|Playboy founder Hugh Hefner already controls 70 percent of Playboy’s voting shares and wants to buy the rest.|
NEW YORK — The owner of Penthouse magazine made a formal, competing bid for the Playboy empire yesterday, despite founder Hugh Hefner’s insistence he does not intend to sell the company and instead wants to buy the shares he doesn’t already own.
Penthouse’s corporate parent, FriendFinder Networks Inc., said it will offer $210 million for Playboy Enterprises Inc. The bid comes just days after Hefner proposed to buy out those remaining shares and take the company private in a deal that would value the company at $185 million.
The catch: Hefner already owns nearly 70 percent of Playboy’s voting shares. “If he doesn’t want to sell, there’s no deal,’’ RBC Capital Markets analyst David Bank said.
Playboy said its board will give FriendFinder’s offer “appropriate consideration.’’
Playboy’s stock price has tumbled since hitting a peak in 1999 of more than $32. It traded between $2.30 and $5.22 over the past year before jumping on news of Hefner’s offer. It rose 1 cent yesterday to $5.52.

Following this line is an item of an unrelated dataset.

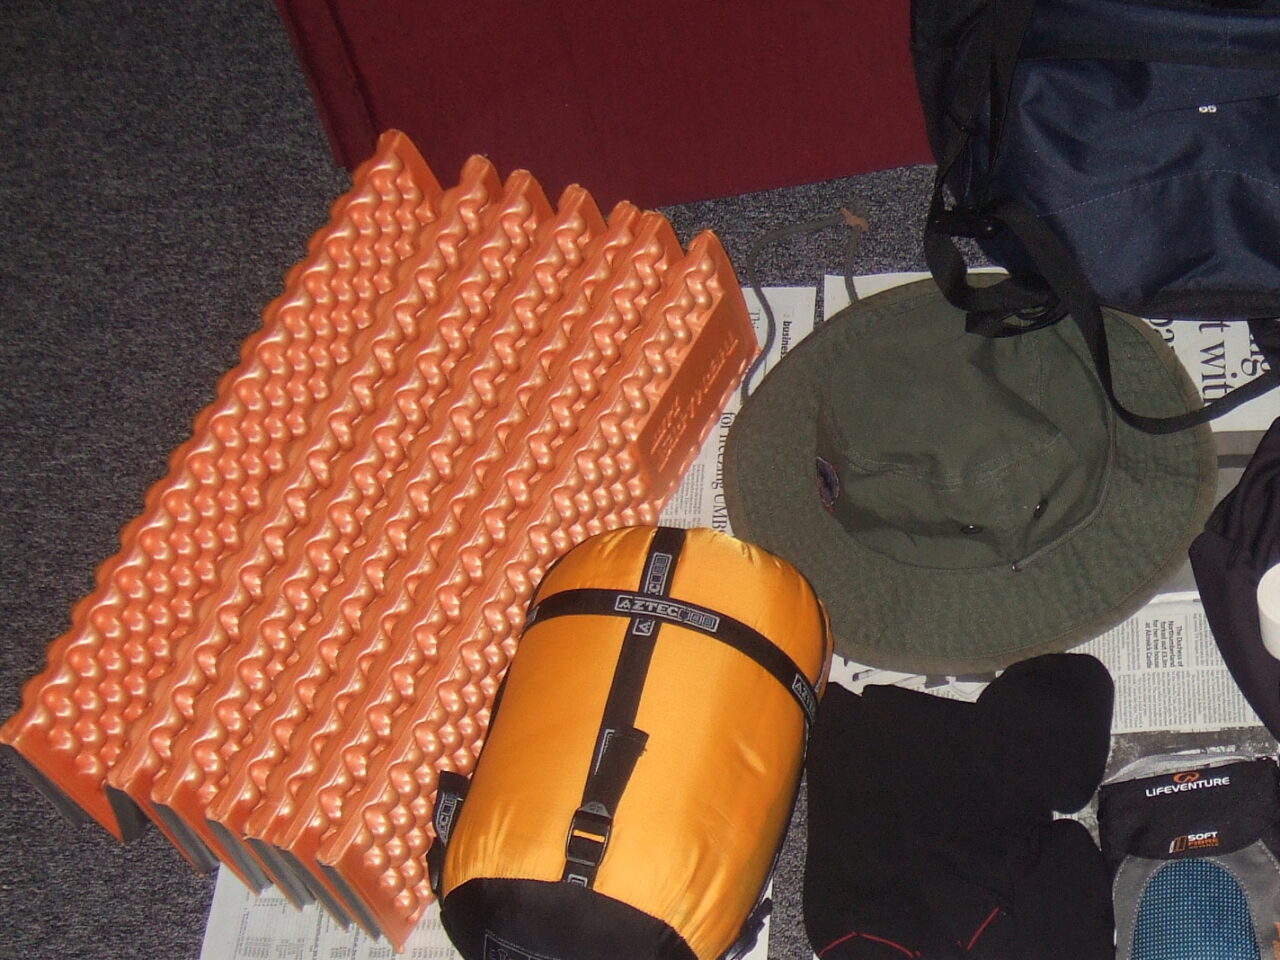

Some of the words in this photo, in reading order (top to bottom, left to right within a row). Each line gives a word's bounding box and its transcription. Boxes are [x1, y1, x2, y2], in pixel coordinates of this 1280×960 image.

[619, 599, 679, 618] AZTEC
[1145, 776, 1231, 797] LIFEVENTURE
[1188, 831, 1218, 841] SOFT
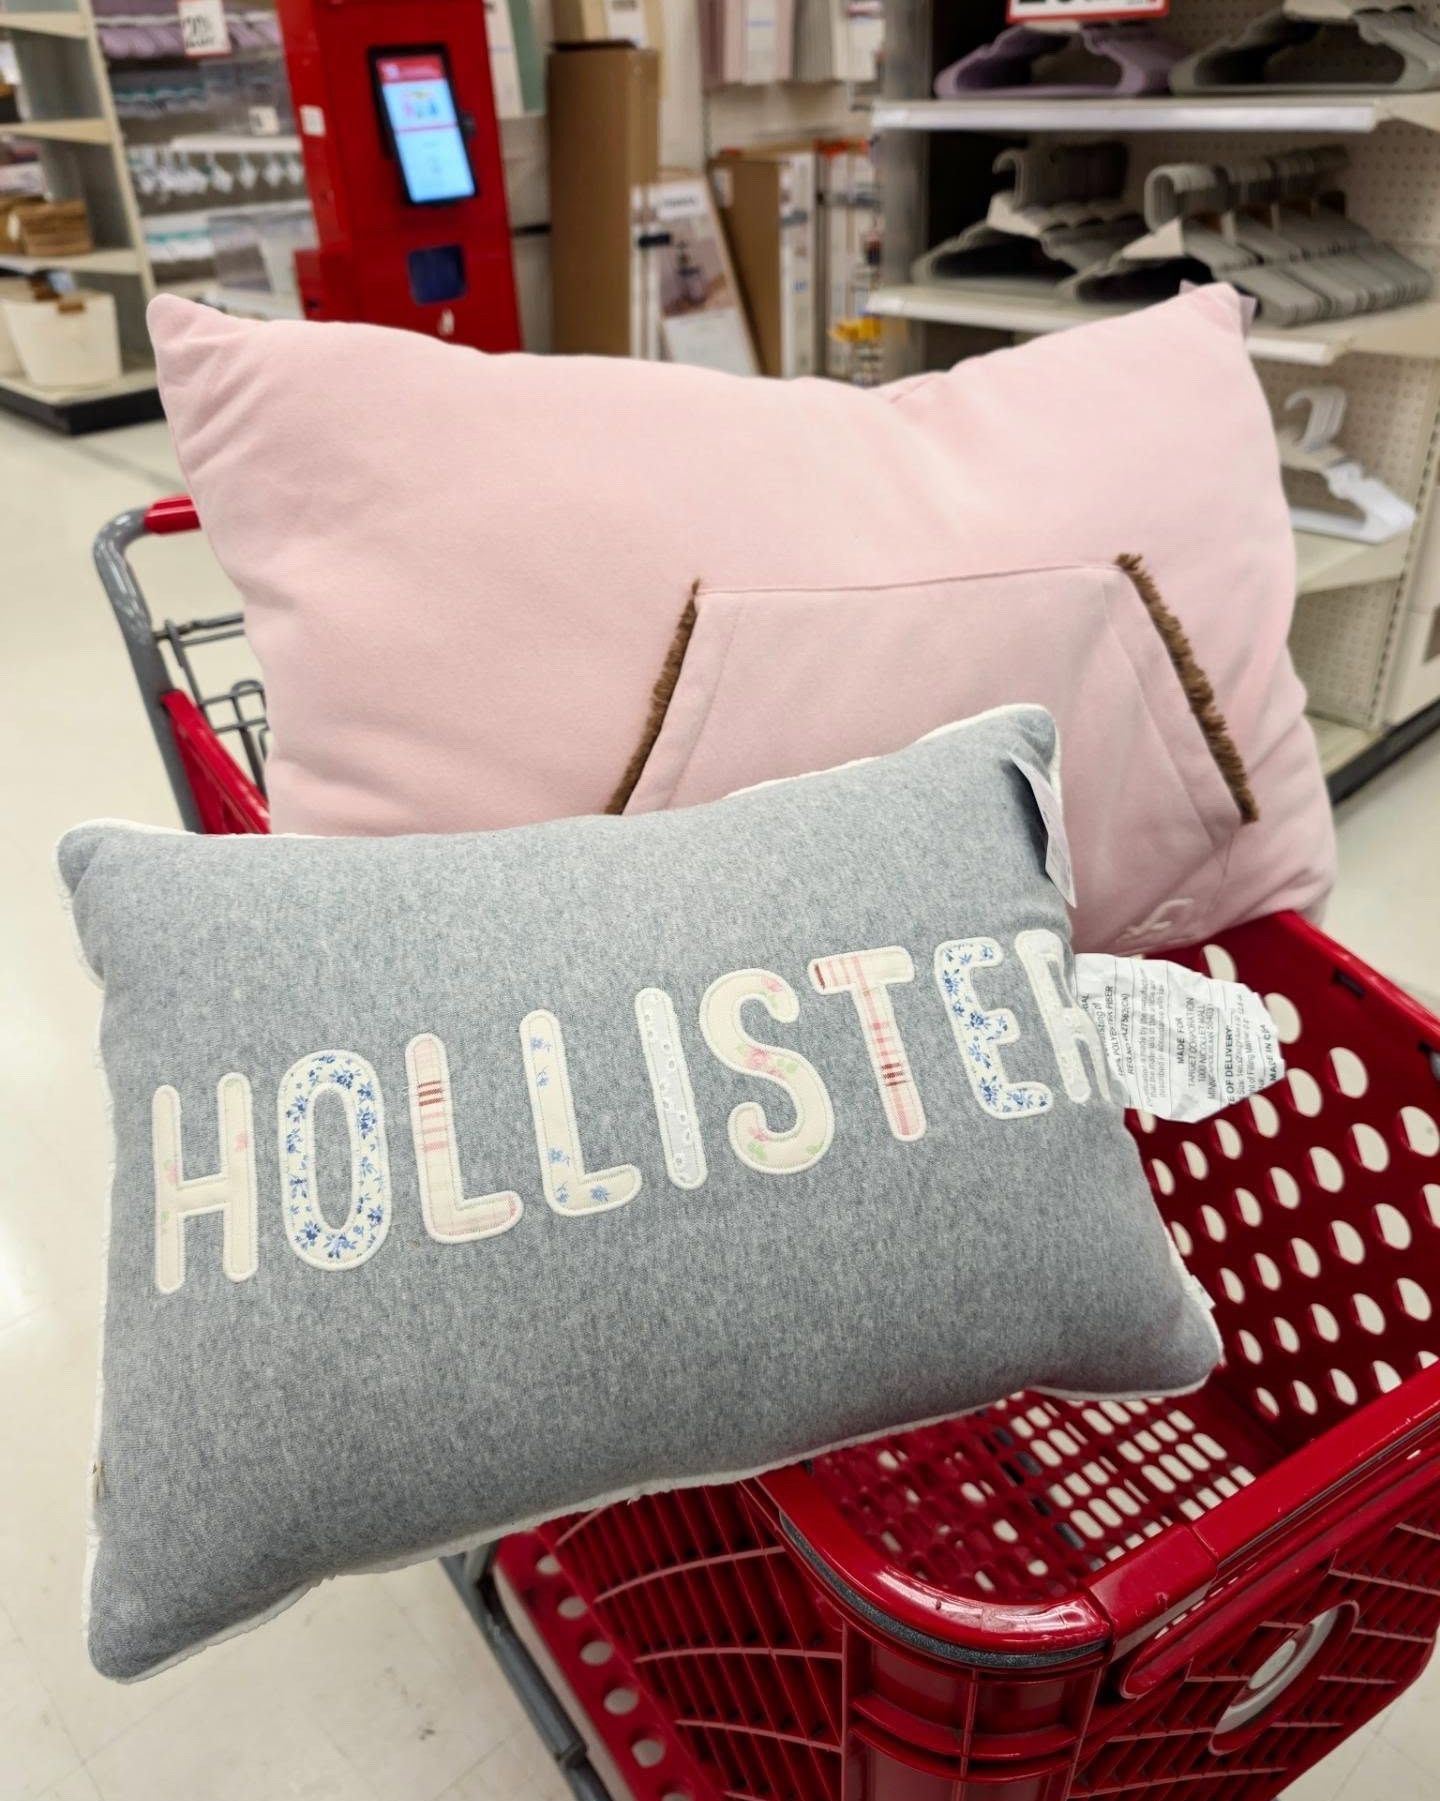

The company’s namesake magazine has struggled with competition from the Web, losing readers and advertisers. It has tried to make up for a declining print business by licensing its brand and iconic bunny ears for consumer products.
Marc Bell, FriendFinder’s chief executive, said his company can help build Playboy’s brand online by directing traffic to it from the company’s other sites.